Après avoir redoublé la troisième, vous quittez l'école en seconde.


J'ai surtout le souvenir d'avoir lutté contre le sommeil en classe, tellement je m'ennuyais. J'étais inadapté au système scolaire, rétif à l'autorité, à la hiérarchie. Je m'étais fait renvoyer après une altercation avec un prof de maths violent qui avait frappé ma voisine de classe. J'ai balancé la table, l'ai insulté. Puis, au bout de deux mois de seconde, on nous fournit deux textes en vue d'une rédaction :< Défendez votre position pour ou contre la peine de mort. > Je suis évidemment contre la peine de mort mais le texte pour était signé d'un débile profond et le texte contre, admirable, l'était de Victor Hugo. Face à cette manipulation, j'ai écrit sur ma copie : < Je suis contre la peine de mort et je veux 20/20 puisque c'est ce que vous voulez lire. > Depuis ce jour, je venais en classe sans stylo, sans bouquin. J'avais 1,5 de moyenne. À 12-13 ans, j'étais hypnotisé par les cassettes de Pierre Palmade, seul sur 
scène, qui donnait l'impression de personnages multiples. Cétait de la magie. Aujourd'hui, j'ai parfois des complexes par rapport à mon manque de culture.

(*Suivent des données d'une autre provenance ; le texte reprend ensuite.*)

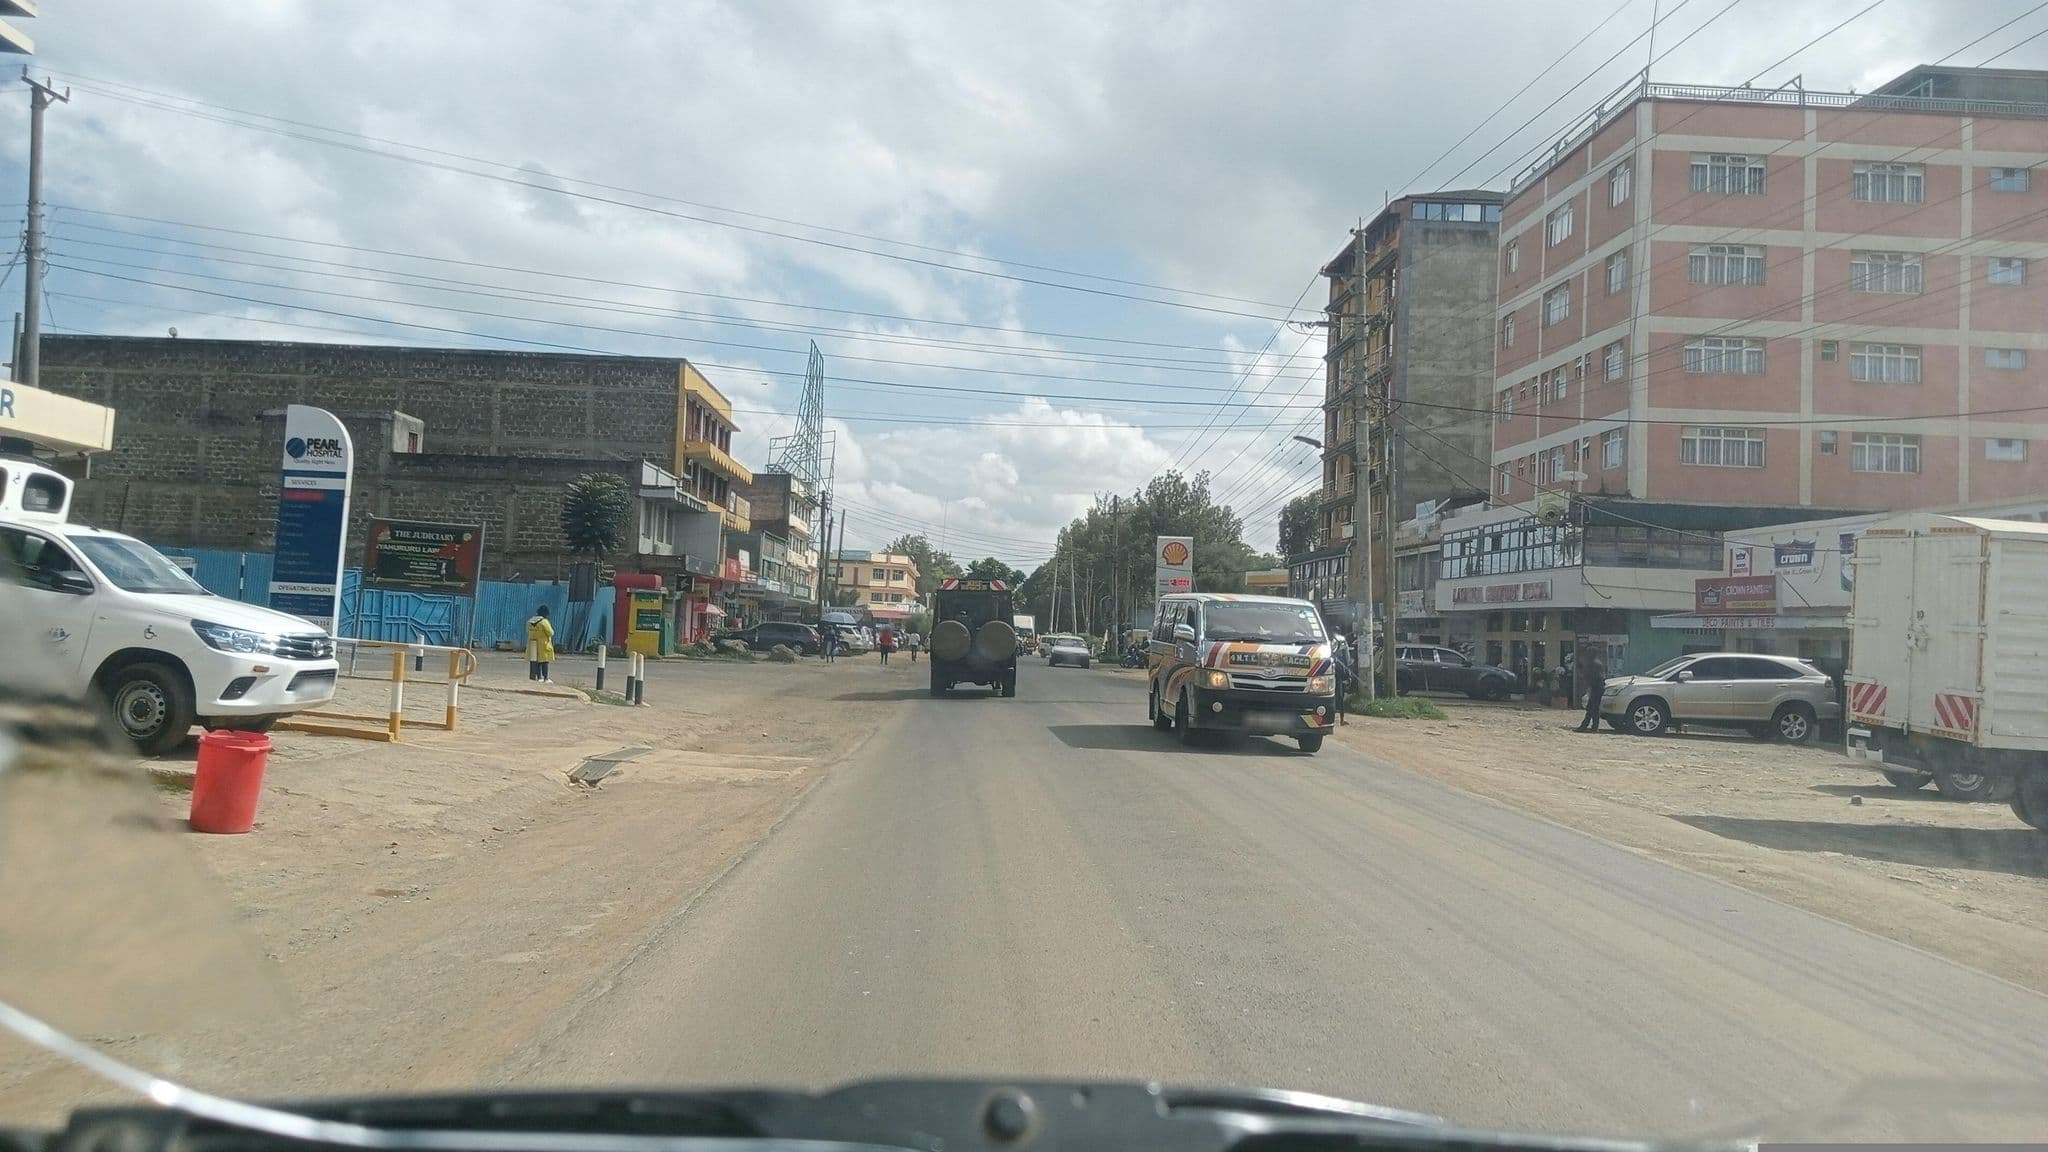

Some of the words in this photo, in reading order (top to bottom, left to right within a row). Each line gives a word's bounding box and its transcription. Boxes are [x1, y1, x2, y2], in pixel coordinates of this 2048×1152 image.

[306, 438, 342, 451] PEARL
[306, 449, 342, 459] HOSPITAL
[395, 530, 410, 538] THE
[412, 531, 455, 541] JUDICIARY
[1780, 553, 1808, 565] crown
[278, 584, 310, 592] OPERATING
[1283, 656, 1310, 666] SACCO

À 16 ans, vous écumez les bals et les
maisons de retraite avec votre premier one-man-show.

 
Tout ce qui était possible, et beaucoup de salles vides. Un soir, le spectacle démarrait à 22 heures dans la salle des fêtes d'un bled paumé. Les trois quarts de l'assemblée étaient bourrés et personne ne m'écoutait car après moi il y avait une strip-teaseuse. Ils se sont mis à me lancer des bouchons de champagne et à applaudir quand ils me touchaient. J'ai continué ma prestation. C'est formateur, même si je reste angoissé

Vous avez aussi enchaîné les petits boulots.
 
Ah, ça oui! Groom, vendeur de chemises manutentionnaire, télévendeur, coursier à pieds, j'ai rempli des sacoches pour des séminaires de médecins, agent de sécurité au Stade de France... Ma vie m'a appris le quotidien d'une majorité des gens. J'ai vu mes parents perdre leur magasin, leur maison, vivre avec 600 euros par mois... Je ne serai jamais un artiste élitiste.
À 21 ans, vous incarnez Rimbaud dans la pièce Deux chaises vides, de Bertrand Mathieu, qui raconte le face-à face fictif entre Van Gogh et le poète de Charleville-Mézières.
 
Désabusé, Rimbaud, qui a déjà cessé d'écrire. rencontre dans un bar londonien Van Gogh, qui n'a pas commencé à peindre et travaille dans la galerie d'art de son frère.Je ne suis pas fan de théâtre, souvent surjoué, mais cétait magnifique.
Vous êtes sur le point d'abandonner la
scène lorsque, en 2010, Laurent Ruquier vous propose d'intégrer son émission "On ne demande qu'à en rire".
 
Cétait la misère, j'étais refusé à tous les castings, les festivals, les télés ou les radios. Je n'étais même pas intermittent du spectacle. Laurent a toujours été d'une bienveillance très intelligente avec moi.
En 2013, vous faites un tour chez Cyril Hanouna.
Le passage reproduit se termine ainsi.